The adjoining room is charged with a very special intimacy where the brightness is attenuated by a lighting work that allows the golden monochromes of Matías Goeritz to dazzle. There are also stelae by the Colombian Olga de Amaral, made of linen, plaster, gold acrylic paint and gold leaf that hang from the ceiling. On another wall is the assembly of remains of everyday pieces that Leda Catunda, from São Paulo, organizes to later color them with golden glitter. These works coexist with notable pieces from the Fernández Blanco Museum, where a rain cape marvelously embroidered with gold threads stands out, which highlights the symbolic value that this color has for the church, giving a frame to everything that exudes light and protection.

The table installation with earths of all the colors of the American continent occupies a powerful space in the work of Teresa Pereda. This gives way to other materials based on other commodities in our territory. There is rubber, present in two very suggestive pieces by the Mexican Betsabeé Romero, who works with real truck tires that she carves with pre-Hispanic motifs and then gilds on the leaf. Coca leaves cover an inverted map of South America, in the work of the Bolivian Gastón Ugalde. The cacao used by Santiago Montoya comes from his experience on the family plantation in the Quindío region of Colombia. He uses chocolate and 24-carat gold leaf to build “Pirámide en chocolate”, 2023. There are also the 750 flies by Andrés Bedoya that are scattered on the wall, describing his love for handmade silverware and cochineal that Tania Candiani uses, to highlight the use of that red parasite that transformed the way of producing the dye. The copper used delicately by Ximena Garrido-Lecca from Lima in her assemblies unites wood with metal in “Transmutaciones-Ensamblaje híbrido I”, from 2018.

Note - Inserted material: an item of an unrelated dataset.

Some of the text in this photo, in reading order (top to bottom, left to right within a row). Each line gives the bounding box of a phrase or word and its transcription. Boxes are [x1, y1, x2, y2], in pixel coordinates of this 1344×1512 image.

The faces that look at the viewer in a gigantography by the historic Peruvian photographer Martín Chambí, are from a family of harvesters (“Ezequiel Arce and his potato harvest”, 1922-28). In the same room, the spectators come across a singular piece that navigates between two cultural traditions: the elaborate refinement of a table silver piece, with the use of coca leaf to chew in the “Caja coquera (Alto Perú)” , late eighteenth century.

Coke box from Upper Peru, late 18th century

Corn also has its display in the sample. Like vegetable gold, in the recreation of the performance of Marta Minujín “Payment of the Argentine foreign debt to Andy Warhol”, from 1985, which can be viewed on video or updated by using the staged scene for selfies. Also in the corn or corn made of bullets by the Guatemalan Benvenuto Chavajay Ixtetela that alludes to the violence in Colombia, Venezuela and Guatemala. And in the piece woven essentially with dried husks, assembled as a curtain by Evi Tártari from Tucuman, which is used to protect habitats.

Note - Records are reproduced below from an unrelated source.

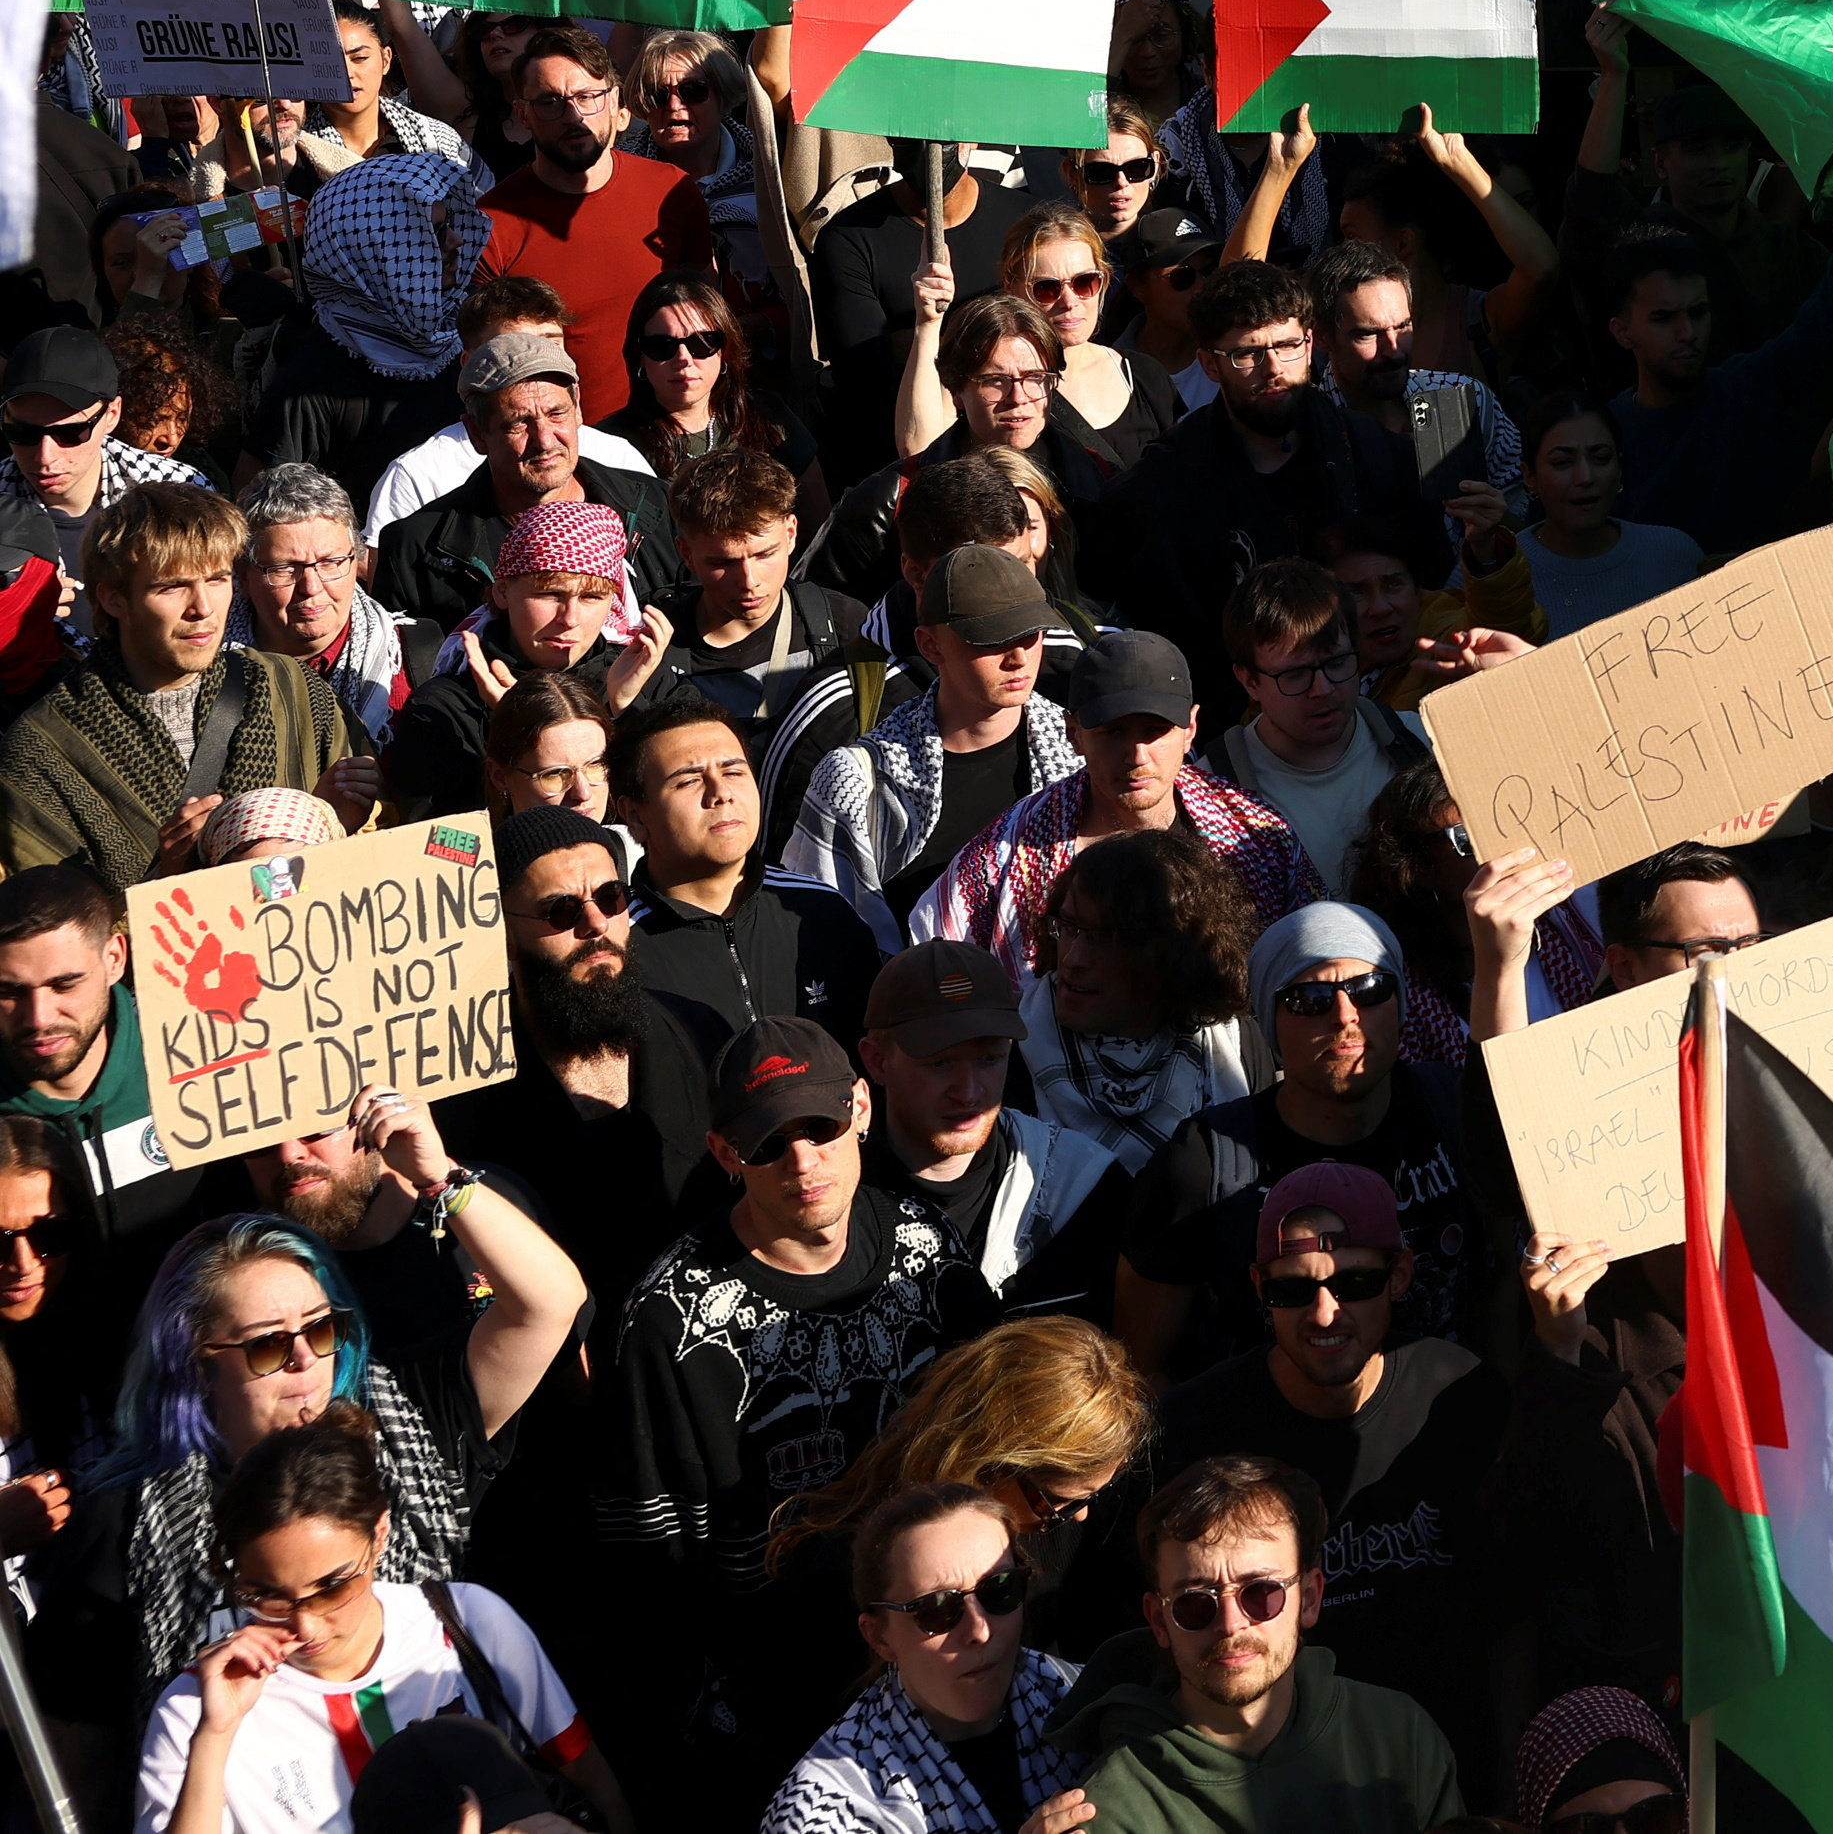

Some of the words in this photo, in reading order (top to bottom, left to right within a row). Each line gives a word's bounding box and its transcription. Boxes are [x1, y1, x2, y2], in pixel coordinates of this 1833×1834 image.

[136, 13, 222, 58] GRÜNE
[224, 20, 302, 61] RAUS!
[1175, 228, 1203, 238] adidas
[1581, 579, 1775, 705] FREE
[427, 843, 479, 868] PALESTINE
[434, 826, 480, 854] FREE
[254, 858, 502, 993] BOMBING
[161, 997, 271, 1079] KIDS
[302, 977, 343, 1034] IS
[372, 940, 465, 1014] NOT
[807, 995, 829, 1005] adidas

“Bullet Corn” by Benvenuto Chavajay

The exhibition closes with an installation that levitates from the ceiling at the end of the tour. These are embossed pieces by Estela Pereda that take the shape of ammonites, that subclass of cephalopod molluscs that existed in the seas from 400 million years ago until their extinction 66 million years ago. A powerful metaphor about the eternity of its permanence as opposed to the ephemeral value that humans give to material things.